The campaign was launched on Monday at the Imperial Royale Hotel in Kampala under this year's global theme; ‘Orange the world: Generation equality stands against rape'. 

  young woman from the afer ities roject of lan nternational ganda displays messages to motorists and cyclists along ampewo oundabout in ampala as part of the activities to mark the launch of the 16 ays of ctivism ampaign against gende rbased violence hoto by ddie sejjoba A young woman from the Safer Cities Project of Plan International Uganda displays messages to motorists and cyclists along Wampewo Roundabout in Kampala as part of the activities to mark the launch of the 16 Days of Activism Campaign against gender-based violence. Photo by Eddie Ssejjoba

 
16 Days of Activism against Gender-Based Violence is an international campaign that rallies activists, non-governmental organizations (NGOs), governments, the private sector, leaders, academia and other stakeholders across the world, to demand an end to gender-based violence.

"Many of our colleagues have decided to avoid some places where men harass them, others have dropped out of school when they are bullied by boys because of their looks, which we feel must end," she said.

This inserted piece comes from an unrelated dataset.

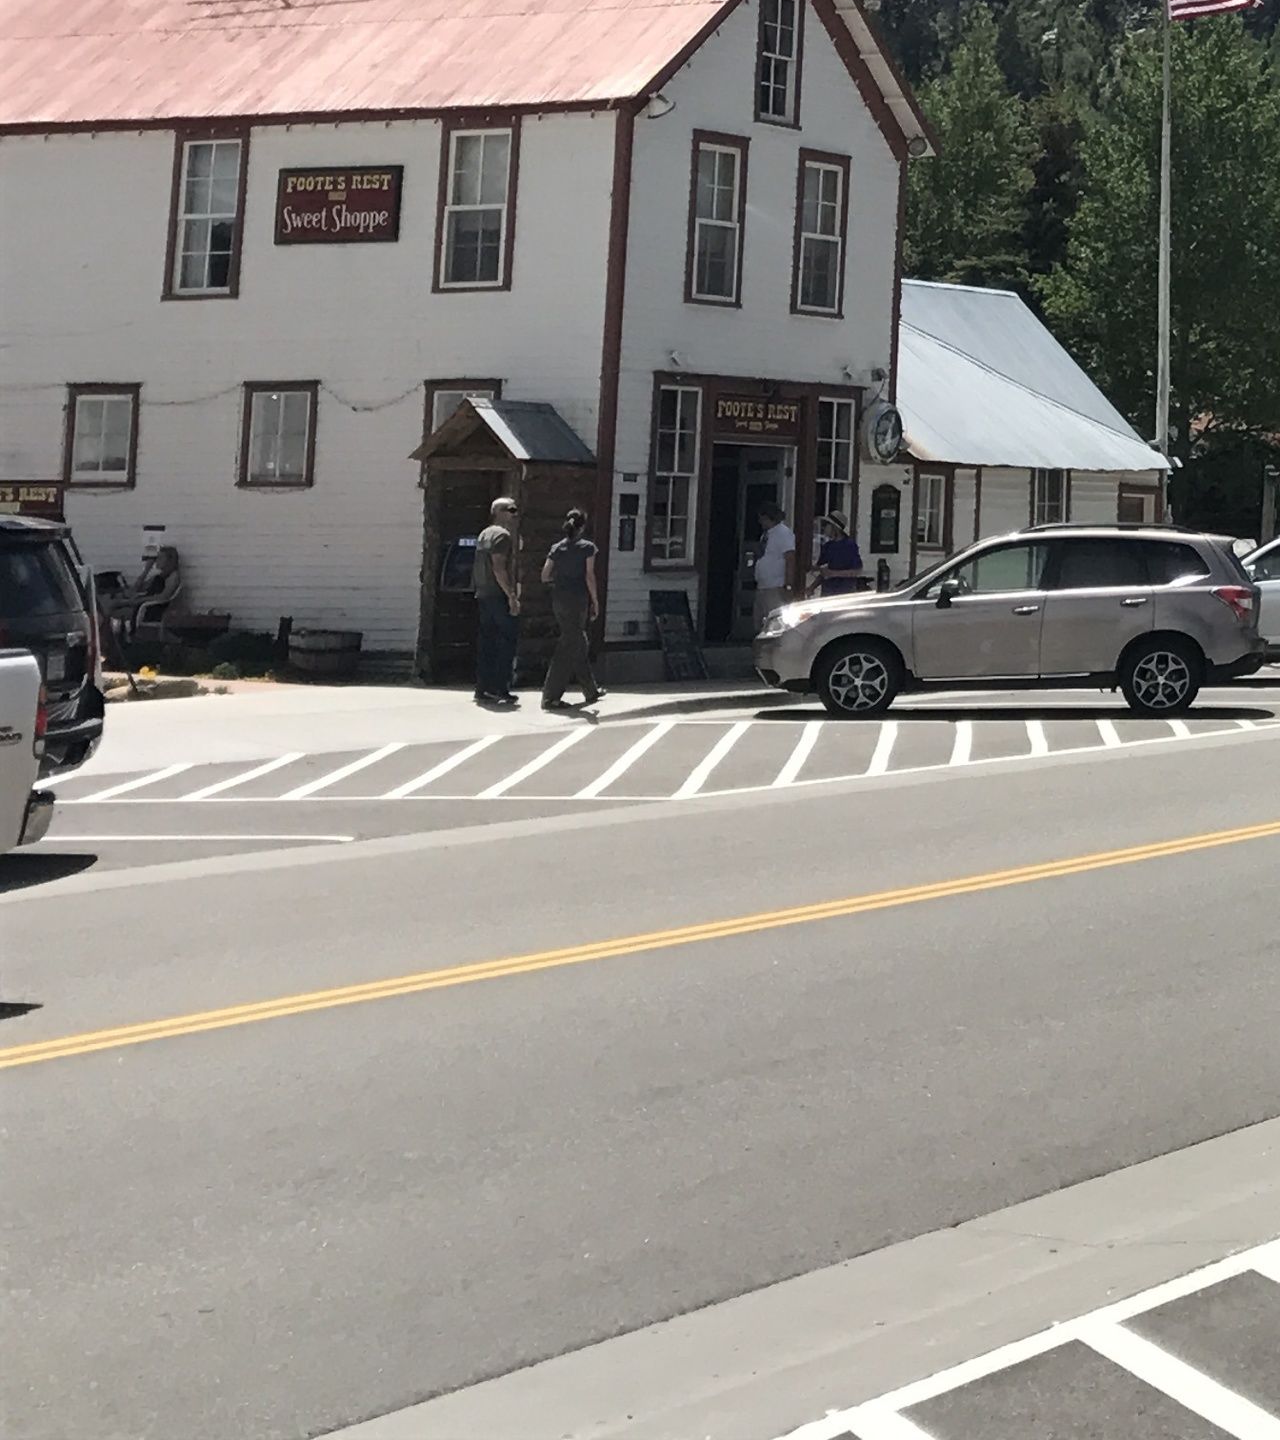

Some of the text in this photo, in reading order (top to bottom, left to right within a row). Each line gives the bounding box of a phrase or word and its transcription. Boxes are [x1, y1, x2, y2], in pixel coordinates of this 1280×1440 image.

Nalumansi, however, appealed to fellow girls to start speaking out against such habits and avoid keeping quiet.

"We are using the 16 days of activism to openly tell men that it is wrong and must know that we feel uncomfortable about it. Girls should stand firm because change starts with them," she said, adding that the women have a right to shame men who abuse them.

 Angella Nakalyango from the same organization appealed to the government to implement laws about sexual assault so that culprits are severely punished.

"We (girls) need safe public places where we can be free from sexual assault and violence. Men must respect us the way we respect them".

"Men must know sexual harassment does not stop at rape, it includes vulgar words thrown to us while on Boda bodas, markets and other places," she said.

Nakalyango said she once complained when a man touched her breasts although the man shouted back at her saying it was a normal thing which she must admit and behave like other women who just ignore and keep silent. 

"We demand that women should be respected and men must avoid touching our body parts because they too will not feel good if anyone touched their secret parts," she explained.

However, Yasin Bbira, a boda boda cyclist at Gaba Stage in Kampala said that as much they demand their rights, women should as well respect themselves and their rights.

"Women in most times have harassed themselves by engaging in de-humanizing acts like lining up on the streets of Kampala waiting for men to pay for sex.

"I ask the government and NGOs to visit the streets of Kampala at night and see how women behave when they want men to pay for their sex. They are so aggressive and forget that others are busy fighting for their rights," he said.

 He said it is through prostitution that HIV/Aids has become a big problem in the country.

 "I appeal to girls who have started campaigning against violence, to tell their colleagues to stop engaging in prostitution, it is becoming a problem especially in the spread of HIV," he said.